Public Act 235 of 2005

Introduced by Rep. Mike Nofs (R) on September 27, 2005 To replace the expiring Michigan Telecommunications Act with a new law that only gives the Public Service Commission the authority to regulate rates basic residential phone service plans that include less than 100 call per month, and deregulates all other telecommunications services. This would still include basic consumer protection provisions of the old law, such as bans on “slamming,” “cramming,” and similar practices not specifically authorized by a customer. The bill would also restrict the authority of local governments and universities and public entities from providing telecommunications services generally provided by the private sector, such as internet service.   Official Text and Analysis.
Referred to the House Energy and Technology Committee on September 27, 2005
Reported in the House on October 20, 2005 With the recommendation that the substitute (H-3) be adopted and that the bill then pass.
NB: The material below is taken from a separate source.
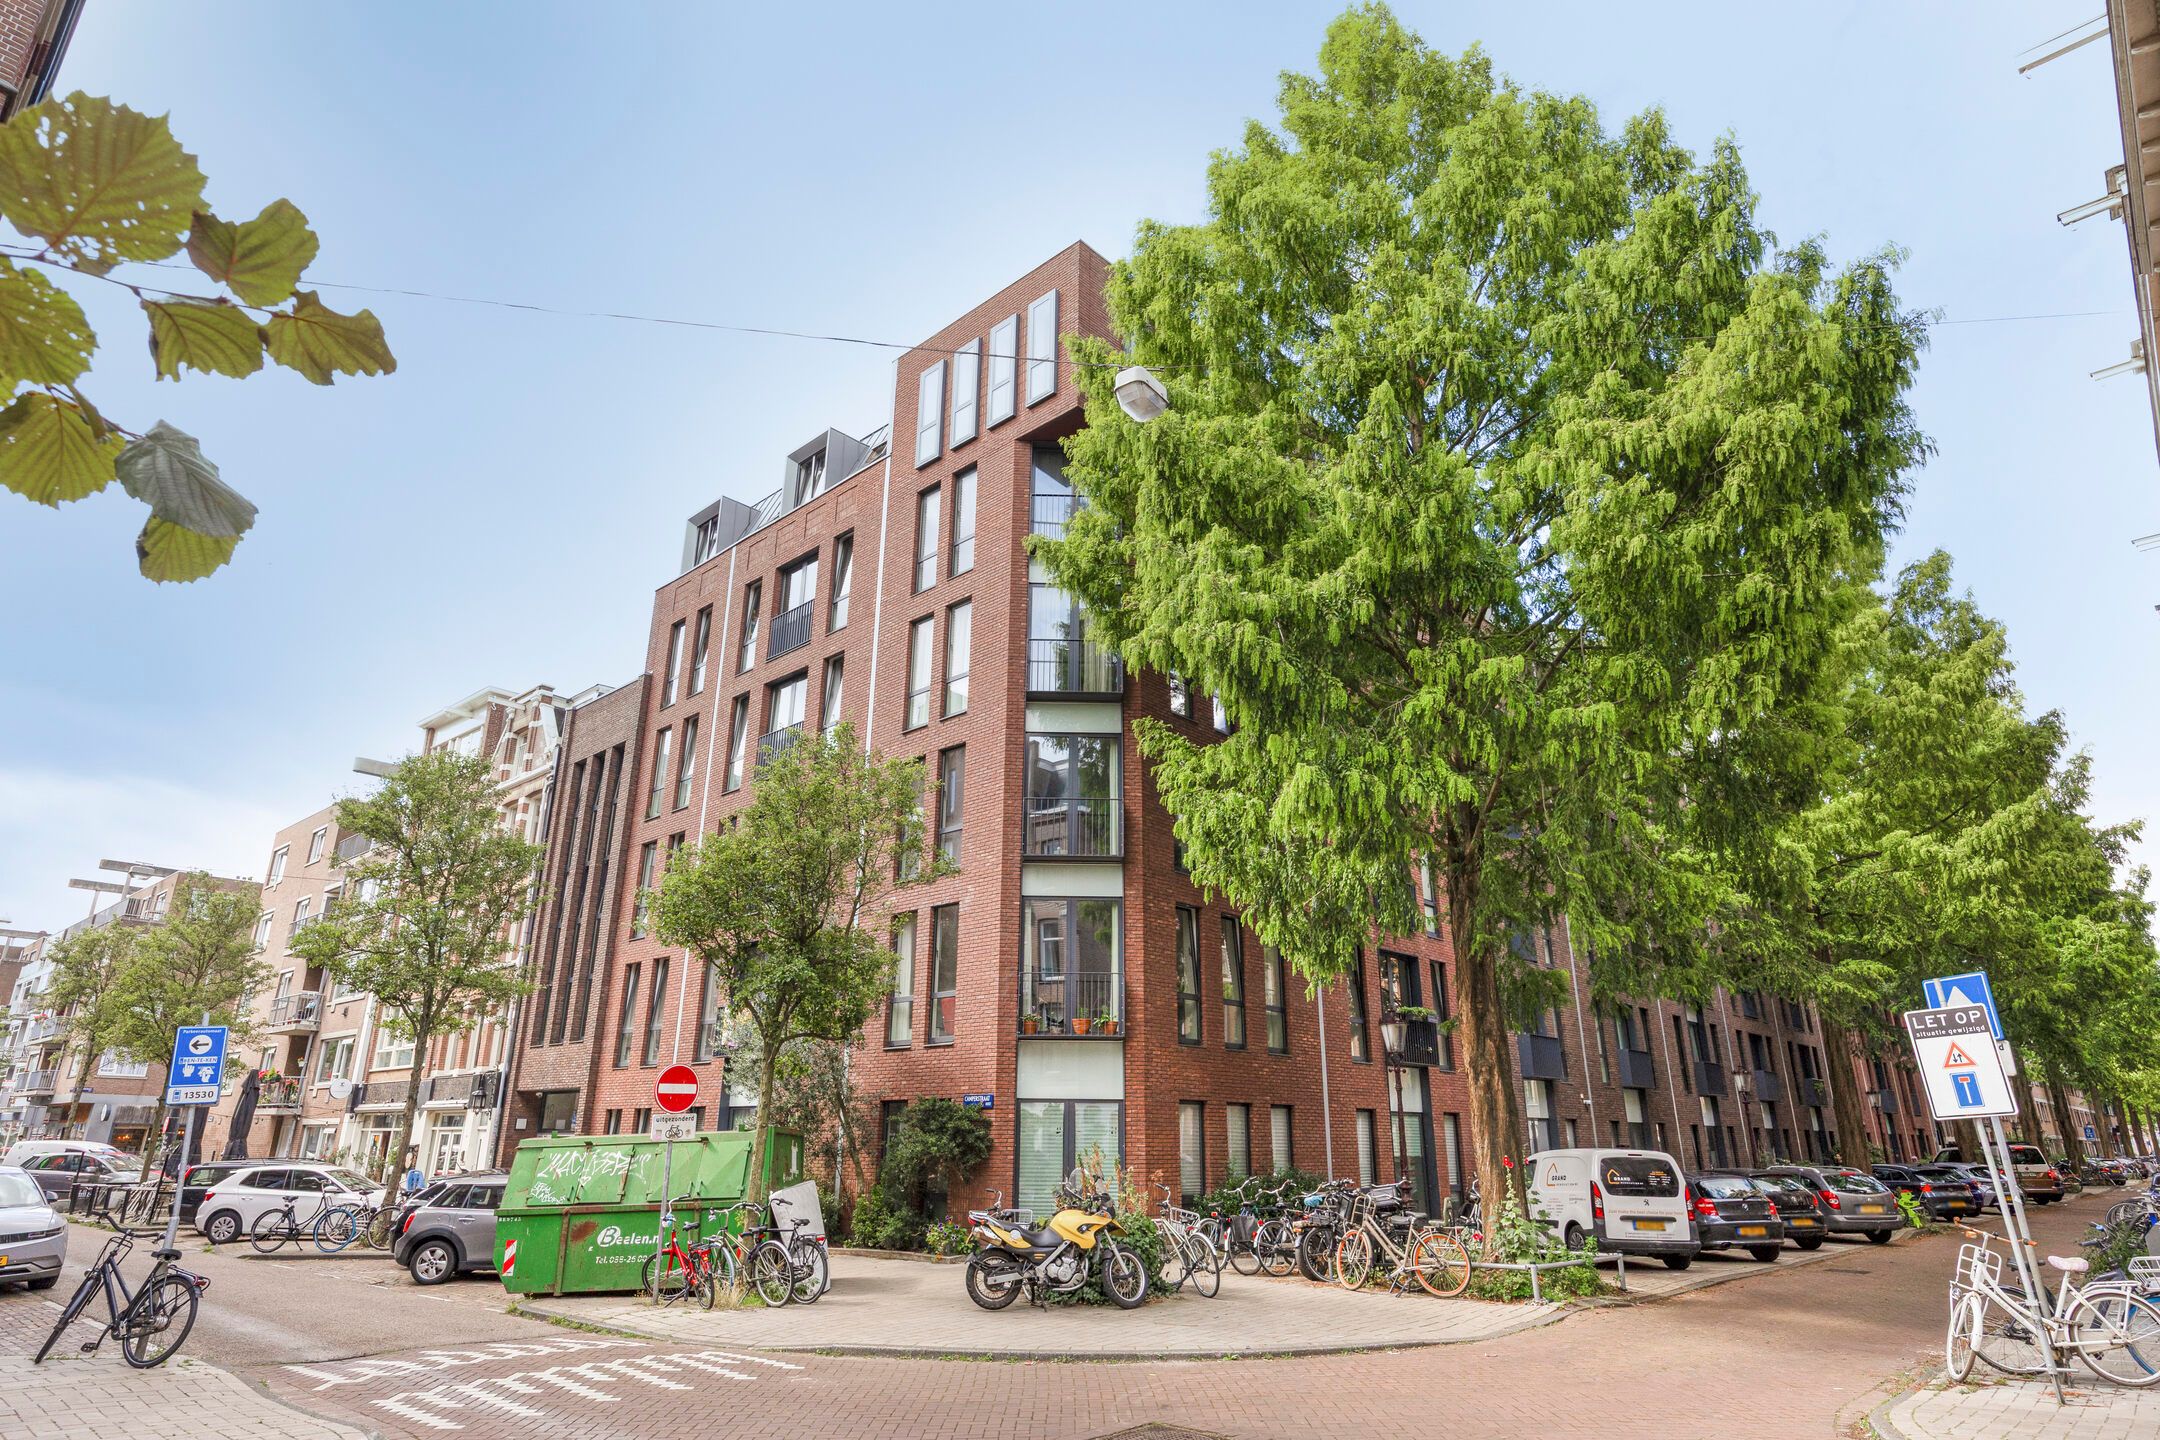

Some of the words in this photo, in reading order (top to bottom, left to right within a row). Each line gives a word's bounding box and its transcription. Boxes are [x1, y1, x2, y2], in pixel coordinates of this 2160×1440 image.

Substitute offered in the House on October 20, 2005 To adopt a new version of the bill that still allows local governments to get into the internet service provider business if they cannot find three private firms willing to bid on providing service; “grandfathers” local governments that currently do this if at least 10 percent of residents use the service; lets schools and colleges offer such service with no new restrictions; retains regulation of wholesale rates charged to competitors by “incumbent” phone companies only through 2007; eliminates the separate "end user line charge" (EUCL) but allows providers to roll it into their rates if they demonstrate it is justified; requires providers that offer new technology services (like VOIP) to register with the state; prohibits charges for unlisted numbers; requires full disclosure of all fees and costs in a service plan; and more.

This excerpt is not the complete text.